Since 2006, the volume of mail processed by the Postal Service has fallen 25 percent to 1.75 billion pieces a year, spokesman Augustine Ruiz said. In response, he said, the Postal Service has closed some post offices and reduced hours at others. As well, about half the nation’s mail processing centers have been slated for closure in the past two years. Among them is the Petaluma mail processing facility, which despite community protests is scheduled to close early next year.
The Village Post Office program now includes six retailers in a coastal region stretching from Palo Alto to the Oregon border. Besides buying stamps, customers can obtain and mail priority packing envelopes and boxes.
Fred Besio, owner of the pharmacy on South Cloverdale Boulevard, noted that he can’t accept international packages. As well, packages with liquids have to be mailed at the regular post office.
However, he said, “The post office is closed Saturday, but we’re open to get stamps.”
For each of the businesses, the Postal Service also installed a big blue mailbox for mailing letters.
The business owners said they hope the arrangement will prove a valuable service and draw in new customers.
“We want to expand and reach more of our neighbors,” said Martha Johnson, who with her husband, Mario Vasquez, owns the deli on Sebastopol Road. She wants customers to think of her place when they wonder, “Where I can drop my package early in the morning or late in the evening?”

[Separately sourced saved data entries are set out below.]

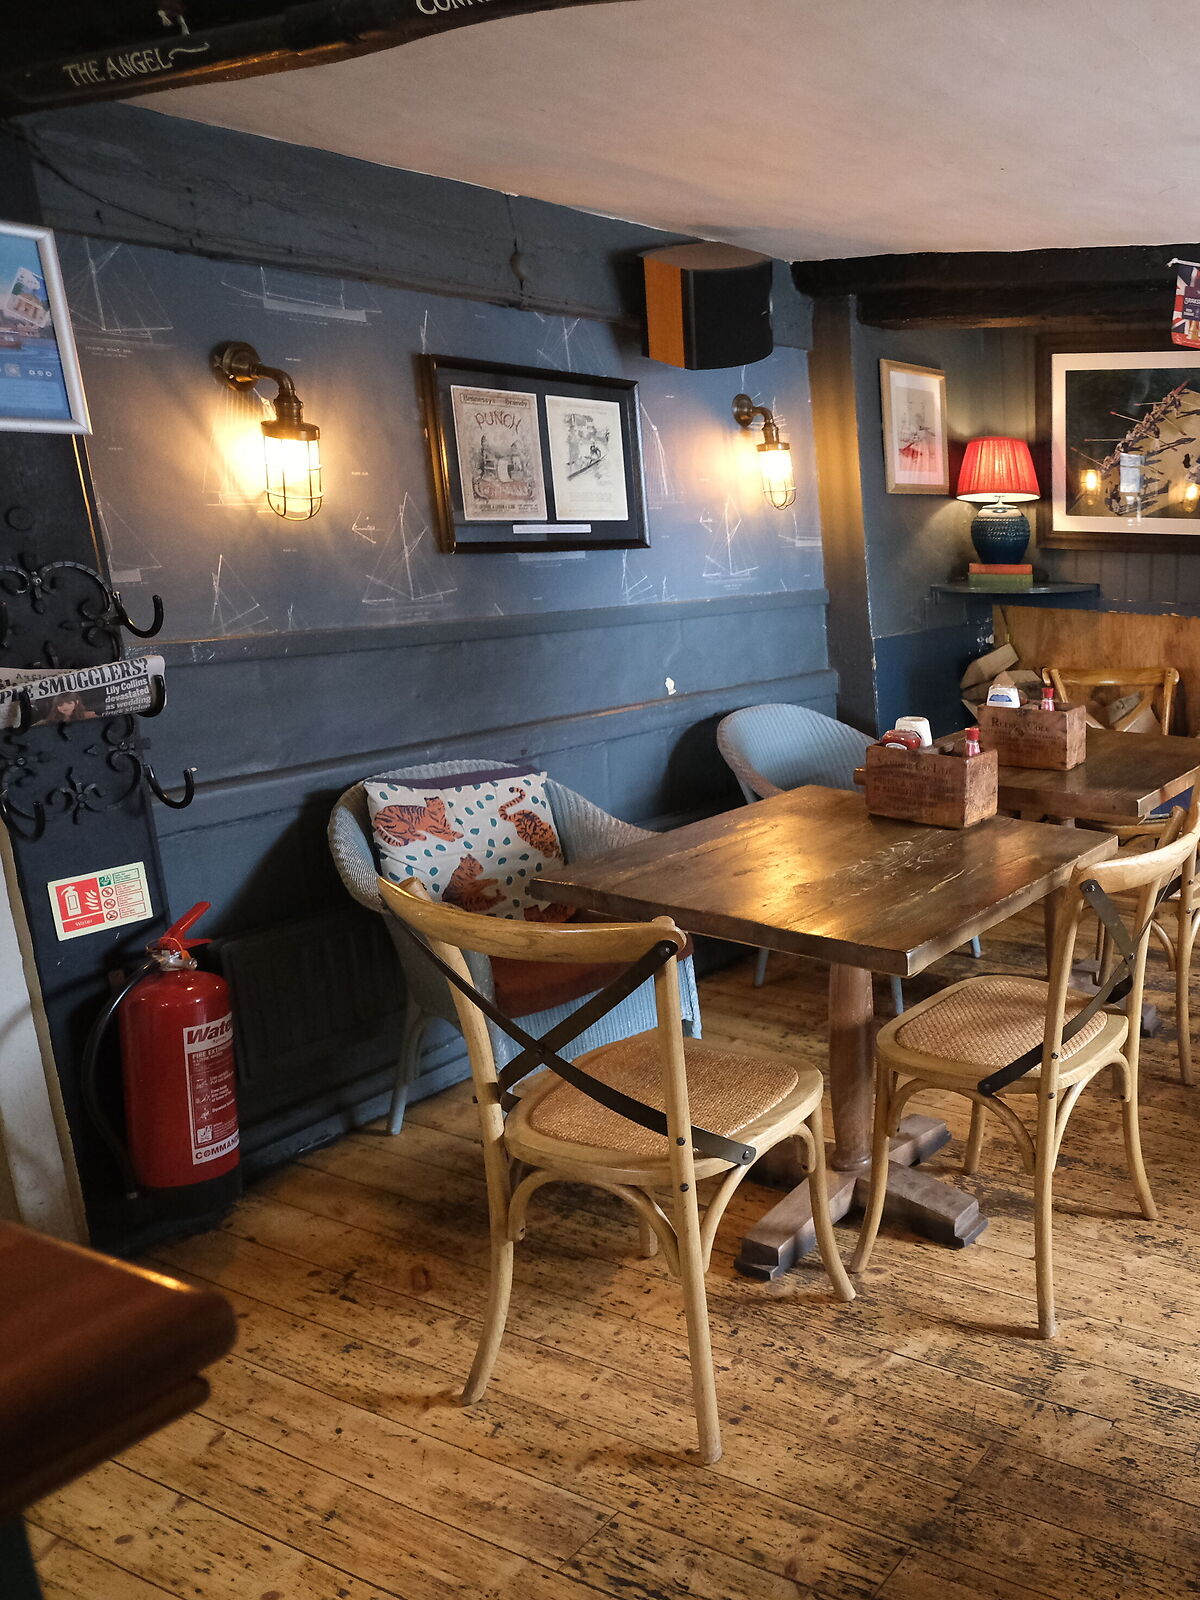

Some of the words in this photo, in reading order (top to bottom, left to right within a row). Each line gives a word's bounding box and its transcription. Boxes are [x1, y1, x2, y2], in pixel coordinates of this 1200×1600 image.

[62, 60, 106, 86] THE
[106, 48, 173, 80] ANGEL
[475, 410, 522, 434] PUNCH
[38, 657, 149, 696] SMUGGLERS?
[106, 685, 120, 695] Lily
[121, 678, 148, 691] Collins
[105, 686, 150, 703] devastated
[105, 703, 116, 711] as
[116, 696, 152, 709] wedding
[187, 1020, 232, 1045] Wate

The Postal Service for years has allowed local retailers to sell some of its products. About 65,000 retail outlets sell stamps. Today, about 40 percent of all postal retail business now takes place outside of a regular post office, said Ruiz, including sales made at USPS.com.
In response, the union representing postal workers is pushing back against what it sees as the growing privatization of postal duties.
“What is the Village Post Office accomplishing?” asked Sally Davidow, a spokeswoman for the American Postal Workers Union in Washington. “It’s taking work away from the public post office.”
The postal workers union made news last month in its ongoing battle with office supplies retailer Staples, which provides certain postal services at its stores. In an ad in Harvard University’s student paper, the union called on Harvard President Drew Gilpin Faust either to resign her seat on Staples’ board of directors or use her influence to end the store’s postal services program.
Postal Service spokesman James Wigdel defended the Village Post Offices as “an innovative step toward generating revenue to ensure the long-term viability of the Postal Service.”
“The Postal Service continues to face declining first-class mail volume and therefore must continue to adapt to the demands of our customers to retain and grow our revenue base,” Wigdel wrote in an email.
Desiree Parlo, owner of the Highway Espresso on Old Redwood Highway, said she doubts the postal service is going to go away because she takes part in the new program.
Parlo, whose store is open daily from 5 a.m. to 1 p.m., said she takes seriously the duty to handle her customers’ mail. She said she made sure to get adequate training “so they’re confident in giving it to me.”